Director Cano, the principal that Tian astutely remarks bears a striking resemblance to Stalin, approaches us like we come from this fantasy world. Dan's vision for the computer lab clashes with his gritty cynicism and notions of the way things in this country must be done. The old bastard came to his school several years ago, fired all of the teachers there, hired new ones, and explains "I have no friends, only acquaintances". He runs the school with an iron fist, ignoring the corrupt superintendent (a 'faggot'), and he gets his teachers to work every day despite a nationwide teacher's strike in support of Zelaya (a 'Hitler'). Somewhere along the line we stepped back in time to Stalingrad, 1942. A simpler world where men conceal their emotional complexity and not their hardened opinions. Or simpler maybe, but equally terrifying, my world is almost exclusively comprised by men. Of all the things to prepare me for, Regis.

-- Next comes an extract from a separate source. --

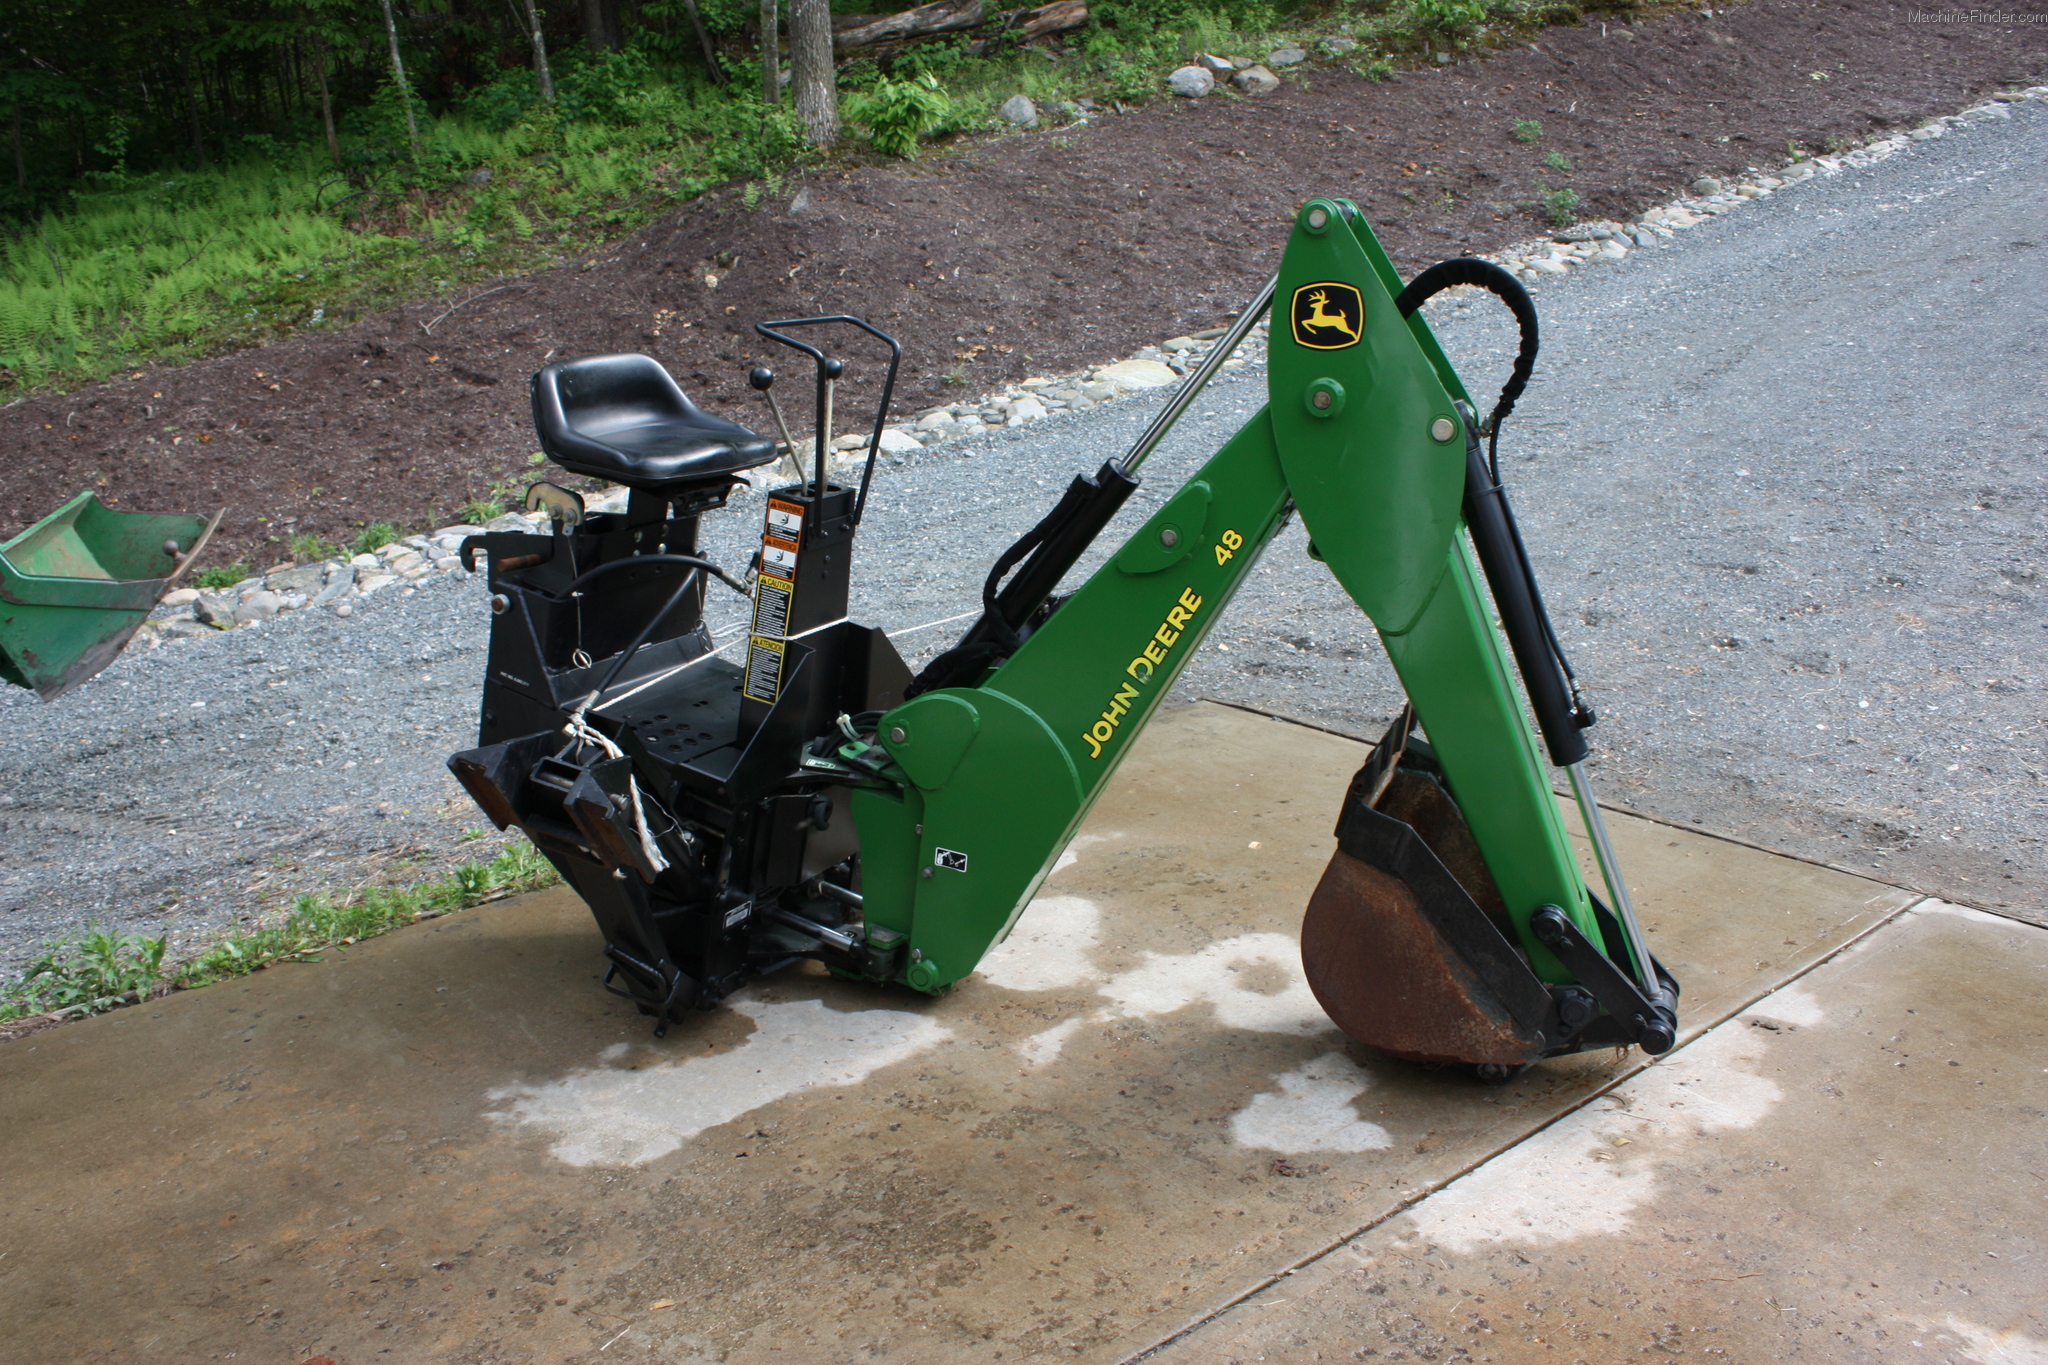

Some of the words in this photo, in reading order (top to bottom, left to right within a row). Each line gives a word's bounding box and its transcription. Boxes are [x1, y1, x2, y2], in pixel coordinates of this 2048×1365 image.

In short, the sustainability of this project has a Stalinclad guarantee. We know about machines, he knows about men. And in the afternoon we try to toughen ourselves up a little bit by doing plumbing work with tough Honduran slum-dwelling untouchables who freely offer how many men they've killed (I once heard a somber, deadpan 25), not to mention illegal immigration and cocaine-related deportation experiences.
In a few months, a couple hundred people in Las Brisas will be both shitting indoors and surfing the internet for the first time. The combination of these is a huge change in someone's life, and I guess I like very simply to have been allowed be a little part of that.
If anyone sees Mel Zelaya, he has gone missing and has threatened to sneak into the country with Nicaraguan and Venezuelan support and launch an insurrection. Please let me know.